The manner in which A. castellanii invaded damaged and undamaged skin also suggests analogous pathogenic mechanisms with other pathogenic species of the genus. For that reason, it would be convenient to evaluate different Acanthamoeba species under the same experimental conditions in order to generalize that the sequence of events described corresponds to the mechanism’s pathogenicity effects of amoebae of the genus Acanthamoeba on the skin.

4. Conclusions

Our results suggest that it is not necessary for a large number of trophozoites to reach the blood vessels to initiate hematogenous spread, which gives the possibility of a successful invasion of A. castellanii, confirming the invasive capacity and pathogenic potential of these amphizoic amoebae.
With the aforementioned, it can be concluded that through the murine model of skin damaged by irradiation with UV-B light, it was shown that A. castellanii trophozoites are capable of invading areas of skin exposed or damaged by this type of radiation, in addition to invading organs such as the liver, spleen and brain tissue, hematogenously with a primary focus on skin.

5. Material and Methods

5.1. Mice Maintenance and Experimental Use, Ethical Considerations

Animal care and use protocols were in accordance with the Official Mexican Standard NOM-062- ZOO-1999. Animals were kept at the UNAM-FES Iztacala Bioterio General, in microisolator systems, and in controlled environmental conditions: temperature (23–25 °C), relative humidity (45–55%) and light–dark cycle (12:12 h). Microisolator included substrate (Sanichips, ENVIGO, Mexico City, Mexico), at libitum water and food (ENVIGO 2018s), and enough space in accordance with mice size. All materials were changed twice a week by recently sterilized ones. Biosecurity Class II Type A2 cabinet (Nuaire, MN, USA) was used for animal manipulation. The project was carried out with the approval of the UNAM FES Iztacala Ethical Committee: CE/FESI/092,017/1199.

5.2. Amoebic Cultivation

The strain of A. castellanii (T4 genotype) was isolated from a clinical case of AK from “La asociación para evitar la ceguera en México”, Luis Sánchez Bulnes Hospital, Mexico City. It was previously demonstrated that this strain is invasive in the GAE murine model [30,48].
The amoebae growth and maintenance were under axenic conditions, in PYG medium with added antibiotics (10,000 U/mL penicillin and 10 mg/mL streptomycin), and incubated at 30 °C. After 72 h of incubation (end of growth logarithmic phase), culture was chilled (4 °C), centrifuged (2500 rpm during 5 min) and trophozoites were harvested for the subsequent assays.

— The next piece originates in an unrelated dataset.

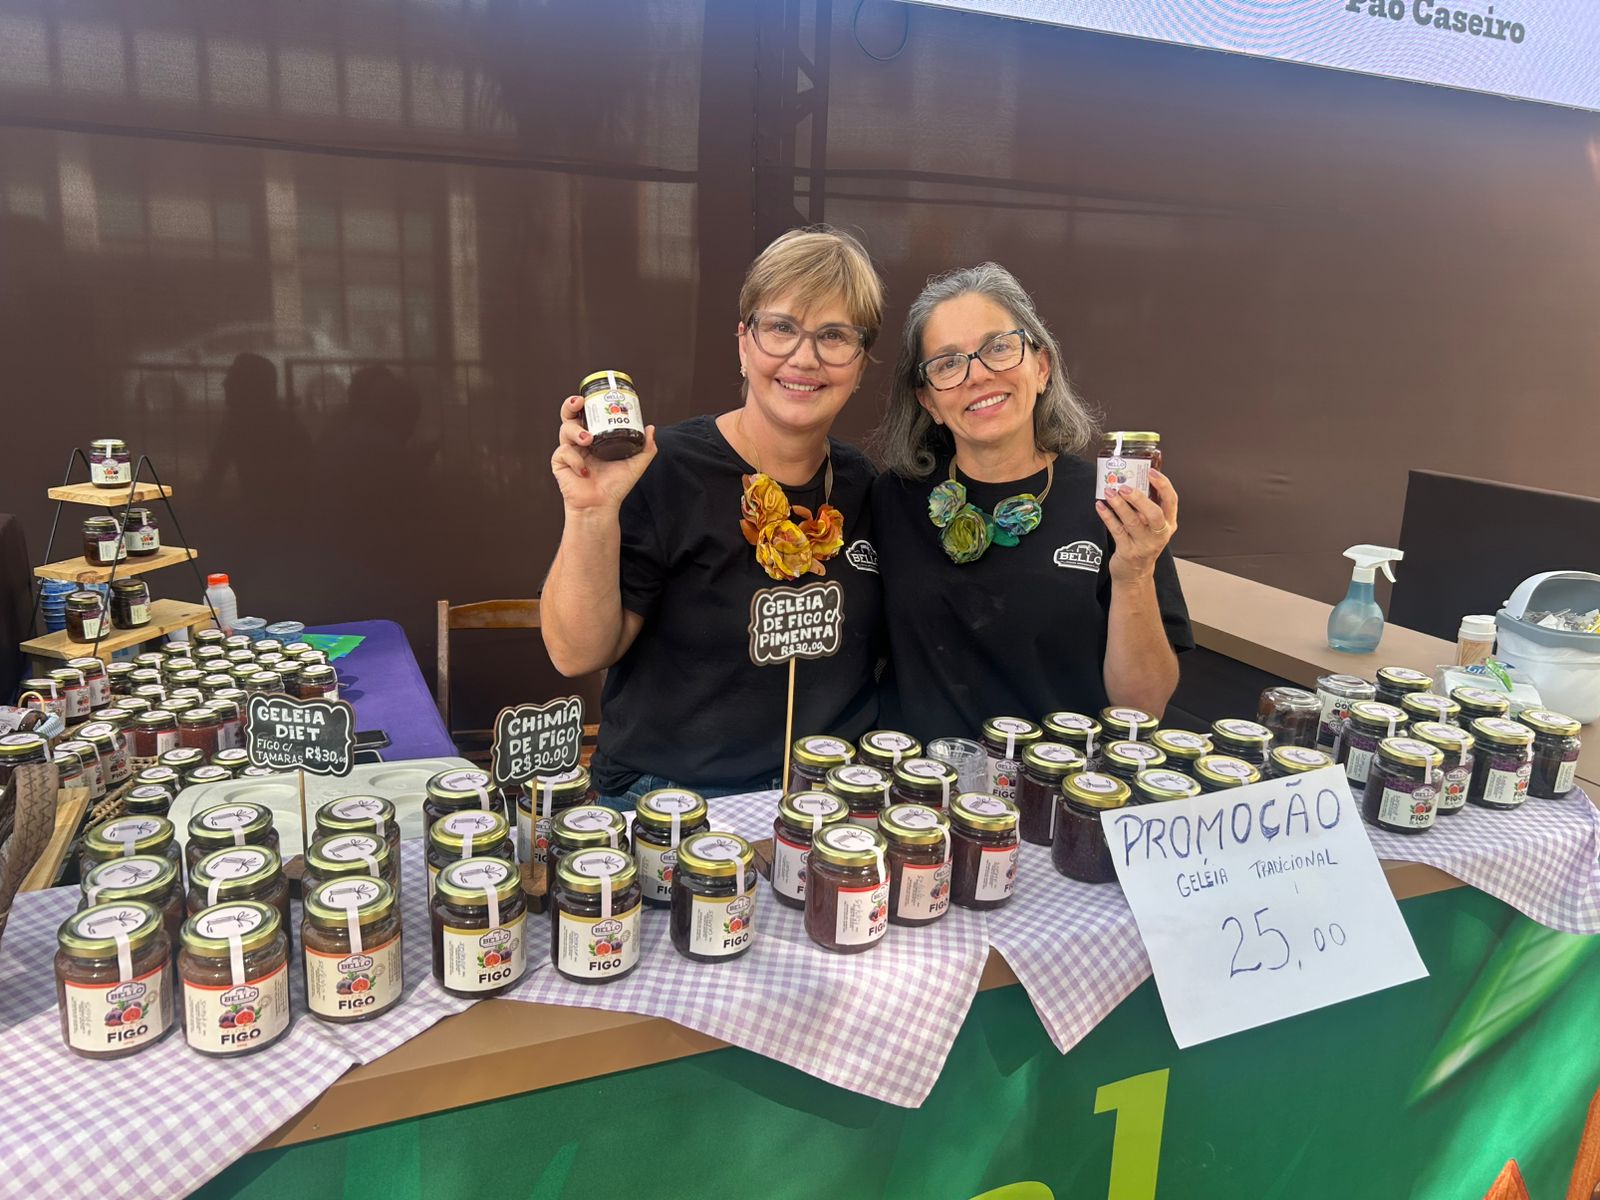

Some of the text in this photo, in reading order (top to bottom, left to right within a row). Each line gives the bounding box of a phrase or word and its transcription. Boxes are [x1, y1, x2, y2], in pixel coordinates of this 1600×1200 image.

5.3. Reactivation of A. castellanii Virulence

Even though the strain in the study was considered pathogenic since it was isolated from an AK case, its prolonged maintenance in axenic culture could imply a diminished virulence. Virulence reactivation was performed by trophozoites intranasal administration in three-week-old male BALB/c mice. Three serial passes of trophozoites were carried out by intranasal administration. Briefly, trophozoites pellet was diluted with fresh culture medium (without antibiotic), obtaining 1 × 106 trophozoites in 20 μL for each inoculum. The viability of the trophozoites was determined by trypan blue (0.4%) technique. Three mice were anesthetized with isoflurane vapors and inoculated into each nostril, to promote CNS infection in accordance with Culbertson et al. [49]. Twenty-one days post infection, the remaining living mice were sacrificed with isoflurane vapors. For amoebae recovery, the brain, lungs, liver and kidney were deposited on non-nutrient agar with added heat-inactivated Enterobacter aerogenes (NNA). Finally, we axenized trophozoites in PYG medium before subsequent experiments.
Two of the five BALB/c mice inoculated intranasally with A. castellanii trophozoites died before 21 days (7 days post-inoculation), time established by Culbertson et al. [49] for this procedure, while the remaining mice were sacrificed once the 21 days elapsed. The brain, lungs, liver and kidneys were extirpated. A macroscopic analysis was performed in which no morphological or pathological changes such as edema, necrosis or hemorrhage were observed. After two days of incubation, through a light microscope, it was observed that trophozoites emerged from all the organs, confirming virulence and invasive capacity of the strain in study. Amoebae recovered from the brain were axenized again in the PYG medium and used in the proposed assays.
All the assays took place with a trophic culture, since the conditions in which the amoebae were grown ensured that we worked with a homogeneous population of trophozoites; in addition, having worked with amoebae recently recovered from the mouse brain ensured that this strain had the optimal virulence to carry out the assays proposed.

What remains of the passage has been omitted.